*** Opening Provided information ***

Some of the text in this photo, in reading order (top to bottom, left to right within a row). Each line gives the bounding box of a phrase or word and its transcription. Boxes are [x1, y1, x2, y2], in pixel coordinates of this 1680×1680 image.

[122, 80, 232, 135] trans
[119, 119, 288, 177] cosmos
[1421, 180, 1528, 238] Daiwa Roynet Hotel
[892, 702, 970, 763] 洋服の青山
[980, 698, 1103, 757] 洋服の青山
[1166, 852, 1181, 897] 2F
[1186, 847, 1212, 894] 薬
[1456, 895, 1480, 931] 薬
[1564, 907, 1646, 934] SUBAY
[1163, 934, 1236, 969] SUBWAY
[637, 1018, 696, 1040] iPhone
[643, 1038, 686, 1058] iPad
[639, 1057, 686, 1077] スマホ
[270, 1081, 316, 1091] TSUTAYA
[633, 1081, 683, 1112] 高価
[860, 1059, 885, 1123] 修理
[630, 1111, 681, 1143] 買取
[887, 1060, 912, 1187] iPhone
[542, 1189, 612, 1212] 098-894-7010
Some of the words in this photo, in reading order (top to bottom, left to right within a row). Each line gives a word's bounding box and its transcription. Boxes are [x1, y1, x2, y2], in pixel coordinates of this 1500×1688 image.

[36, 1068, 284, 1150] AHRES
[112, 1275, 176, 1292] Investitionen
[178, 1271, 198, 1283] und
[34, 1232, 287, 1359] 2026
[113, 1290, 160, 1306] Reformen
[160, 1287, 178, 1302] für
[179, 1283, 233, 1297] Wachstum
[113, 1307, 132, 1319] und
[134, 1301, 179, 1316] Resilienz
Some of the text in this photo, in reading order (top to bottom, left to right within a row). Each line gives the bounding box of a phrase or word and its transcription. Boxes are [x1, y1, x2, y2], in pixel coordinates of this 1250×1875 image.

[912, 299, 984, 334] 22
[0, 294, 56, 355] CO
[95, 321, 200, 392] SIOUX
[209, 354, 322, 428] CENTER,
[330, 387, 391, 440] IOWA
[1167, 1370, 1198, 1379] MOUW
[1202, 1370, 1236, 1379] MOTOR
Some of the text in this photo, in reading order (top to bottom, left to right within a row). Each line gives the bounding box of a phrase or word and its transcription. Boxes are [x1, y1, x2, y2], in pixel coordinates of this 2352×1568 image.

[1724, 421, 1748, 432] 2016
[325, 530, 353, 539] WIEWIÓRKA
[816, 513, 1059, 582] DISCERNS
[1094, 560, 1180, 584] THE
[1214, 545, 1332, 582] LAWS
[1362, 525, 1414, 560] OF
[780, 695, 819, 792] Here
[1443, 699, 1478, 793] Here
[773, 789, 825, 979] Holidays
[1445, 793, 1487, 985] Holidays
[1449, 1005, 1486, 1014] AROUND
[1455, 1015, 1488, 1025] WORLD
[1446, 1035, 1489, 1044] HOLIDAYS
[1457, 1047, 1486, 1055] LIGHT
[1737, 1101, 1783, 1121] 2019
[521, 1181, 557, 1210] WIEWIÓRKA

*** Closing Provided information ***

▶ **Work item**:
Copy out exactly the lines running from the line with "this 2352×1568 image." to the end of the records, inclusive.

▶ **Response**:
Some of the text in this photo, in reading order (top to bottom, left to right within a row). Each line gives the bounding box of a phrase or word and its transcription. Boxes are [x1, y1, x2, y2], in pixel coordinates of this 2352×1568 image.

[1724, 421, 1748, 432] 2016
[325, 530, 353, 539] WIEWIÓRKA
[816, 513, 1059, 582] DISCERNS
[1094, 560, 1180, 584] THE
[1214, 545, 1332, 582] LAWS
[1362, 525, 1414, 560] OF
[780, 695, 819, 792] Here
[1443, 699, 1478, 793] Here
[773, 789, 825, 979] Holidays
[1445, 793, 1487, 985] Holidays
[1449, 1005, 1486, 1014] AROUND
[1455, 1015, 1488, 1025] WORLD
[1446, 1035, 1489, 1044] HOLIDAYS
[1457, 1047, 1486, 1055] LIGHT
[1737, 1101, 1783, 1121] 2019
[521, 1181, 557, 1210] WIEWIÓRKA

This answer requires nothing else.